┌────────
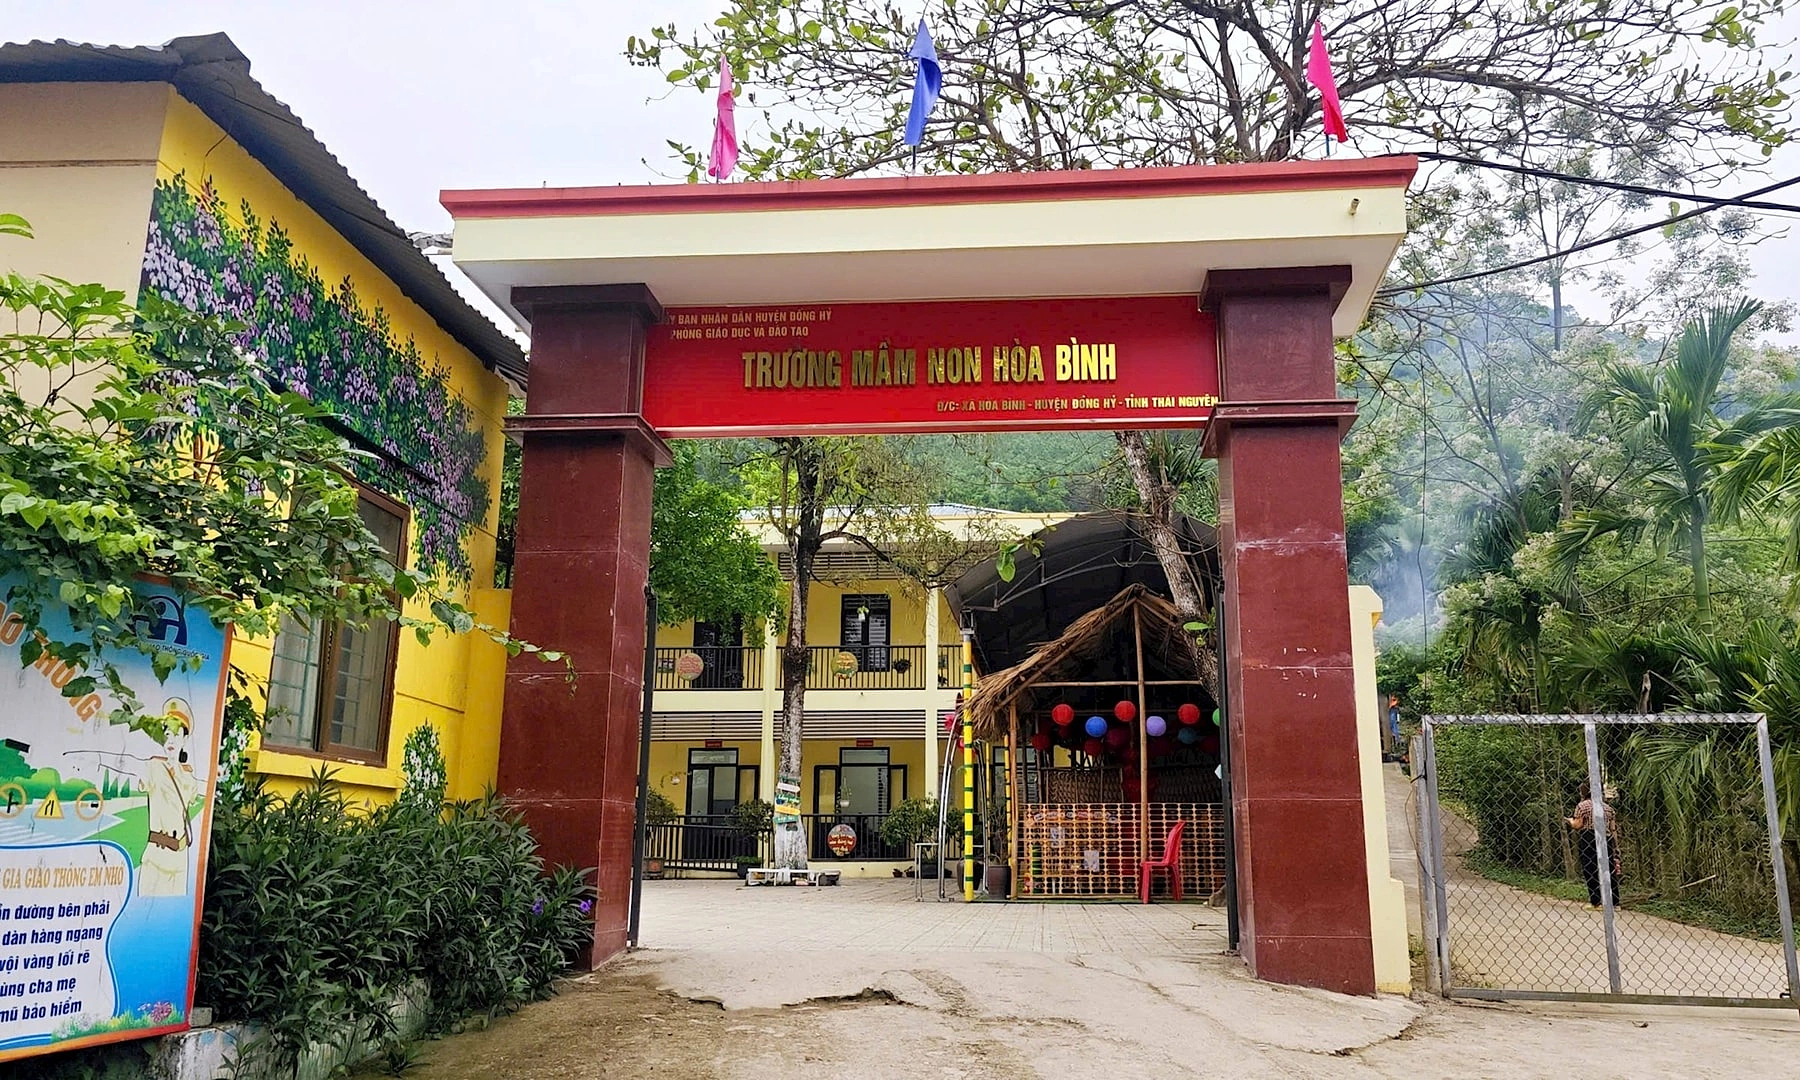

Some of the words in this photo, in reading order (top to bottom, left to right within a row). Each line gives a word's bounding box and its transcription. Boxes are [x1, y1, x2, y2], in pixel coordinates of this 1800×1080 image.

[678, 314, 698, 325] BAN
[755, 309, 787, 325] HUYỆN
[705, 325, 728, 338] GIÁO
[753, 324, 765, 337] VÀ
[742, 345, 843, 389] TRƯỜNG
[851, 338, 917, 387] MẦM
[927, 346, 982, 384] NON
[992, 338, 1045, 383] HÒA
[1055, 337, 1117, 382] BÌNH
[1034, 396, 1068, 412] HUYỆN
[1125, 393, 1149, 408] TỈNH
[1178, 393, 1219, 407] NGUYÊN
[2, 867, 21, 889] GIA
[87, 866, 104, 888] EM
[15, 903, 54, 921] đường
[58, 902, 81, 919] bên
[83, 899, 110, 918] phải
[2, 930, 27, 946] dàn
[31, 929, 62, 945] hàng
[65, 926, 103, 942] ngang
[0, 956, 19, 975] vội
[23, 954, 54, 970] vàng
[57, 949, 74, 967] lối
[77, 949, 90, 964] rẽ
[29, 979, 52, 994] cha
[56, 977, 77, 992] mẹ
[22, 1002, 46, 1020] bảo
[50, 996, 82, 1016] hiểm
└────────
AIM OF THE TASK:
Word for word, repeat the material above and drop the pictures.

REPLY:
Some of the words in this photo, in reading order (top to bottom, left to right within a row). Each line gives a word's bounding box and its transcription. Boxes are [x1, y1, x2, y2], in pixel coordinates of this 1800×1080 image.

[678, 314, 698, 325] BAN
[755, 309, 787, 325] HUYỆN
[705, 325, 728, 338] GIÁO
[753, 324, 765, 337] VÀ
[742, 345, 843, 389] TRƯỜNG
[851, 338, 917, 387] MẦM
[927, 346, 982, 384] NON
[992, 338, 1045, 383] HÒA
[1055, 337, 1117, 382] BÌNH
[1034, 396, 1068, 412] HUYỆN
[1125, 393, 1149, 408] TỈNH
[1178, 393, 1219, 407] NGUYÊN
[2, 867, 21, 889] GIA
[87, 866, 104, 888] EM
[15, 903, 54, 921] đường
[58, 902, 81, 919] bên
[83, 899, 110, 918] phải
[2, 930, 27, 946] dàn
[31, 929, 62, 945] hàng
[65, 926, 103, 942] ngang
[0, 956, 19, 975] vội
[23, 954, 54, 970] vàng
[57, 949, 74, 967] lối
[77, 949, 90, 964] rẽ
[29, 979, 52, 994] cha
[56, 977, 77, 992] mẹ
[22, 1002, 46, 1020] bảo
[50, 996, 82, 1016] hiểm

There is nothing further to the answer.